Pictures are not part of the copy; repeat everything else in the records exactly.

*** Opening EXTRACTED DATA ***

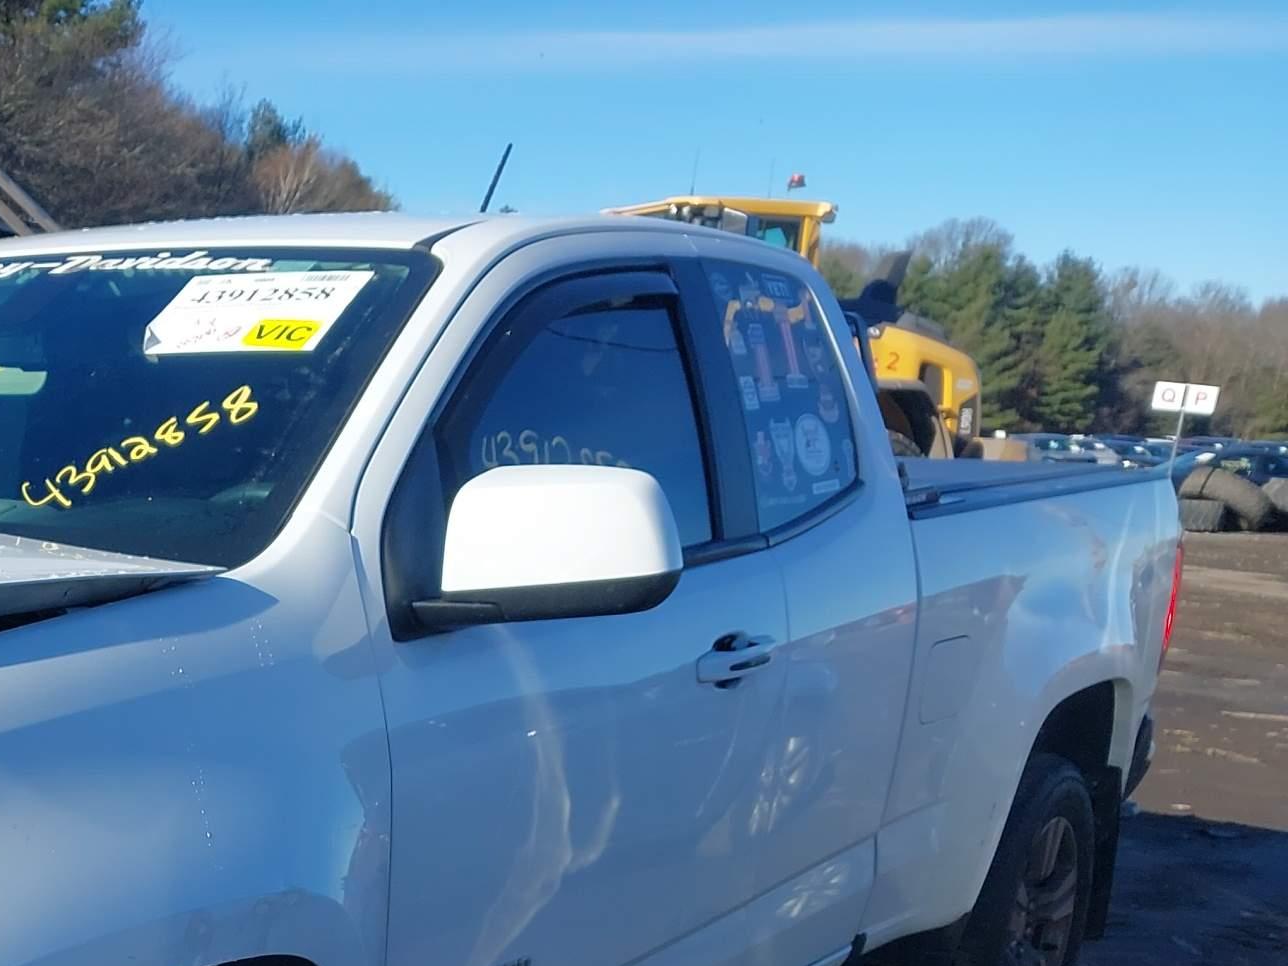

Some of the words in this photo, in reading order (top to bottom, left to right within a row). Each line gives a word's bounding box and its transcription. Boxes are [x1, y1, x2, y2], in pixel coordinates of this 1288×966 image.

[191, 286, 336, 304] 43912858
[255, 324, 313, 342] VIC
[887, 351, 901, 371] 2
[1161, 388, 1176, 402] Q
[1195, 391, 1207, 405] P
[21, 384, 259, 509] 43912858
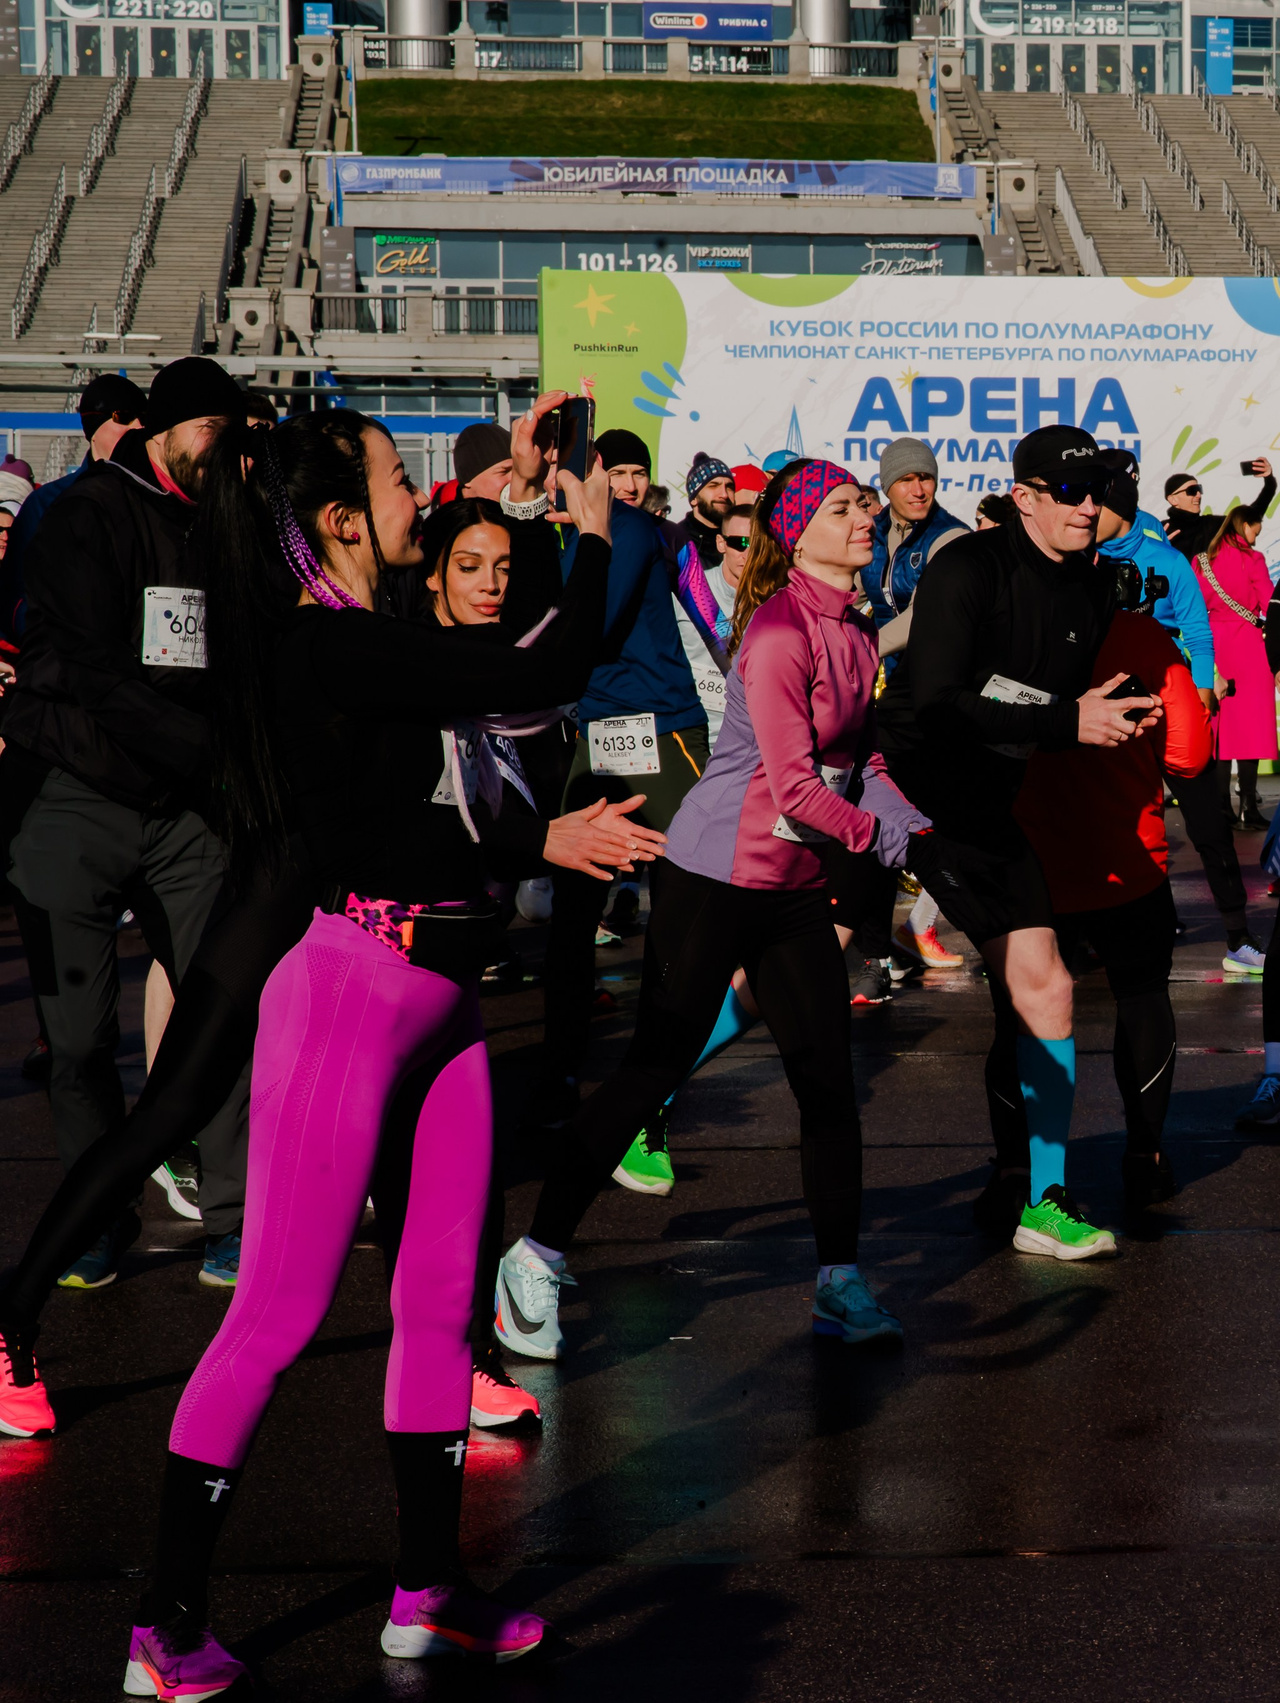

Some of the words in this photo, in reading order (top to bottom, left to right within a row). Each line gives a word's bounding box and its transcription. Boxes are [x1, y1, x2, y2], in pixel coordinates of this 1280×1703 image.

*** Closing EXTRACTED DATA ***

▶ _SOLUTION BELOW_
Some of the words in this photo, in reading order (top to bottom, left to right within a row). Each line gives a word's bounding box and its transcription. Boxes are [x1, y1, x2, y2], in pixel coordinates of this 1288×966 image.

[191, 286, 336, 304] 43912858
[255, 324, 313, 342] VIC
[887, 351, 901, 371] 2
[1161, 388, 1176, 402] Q
[1195, 391, 1207, 405] P
[21, 384, 259, 509] 43912858

Some of the words in this photo, in reading order (top to bottom, left to right within a row). Each line gives a word's bounding box and its transcription. Boxes are [x1, y1, x2, y2], in pixel coordinates of this 1280×1703 image.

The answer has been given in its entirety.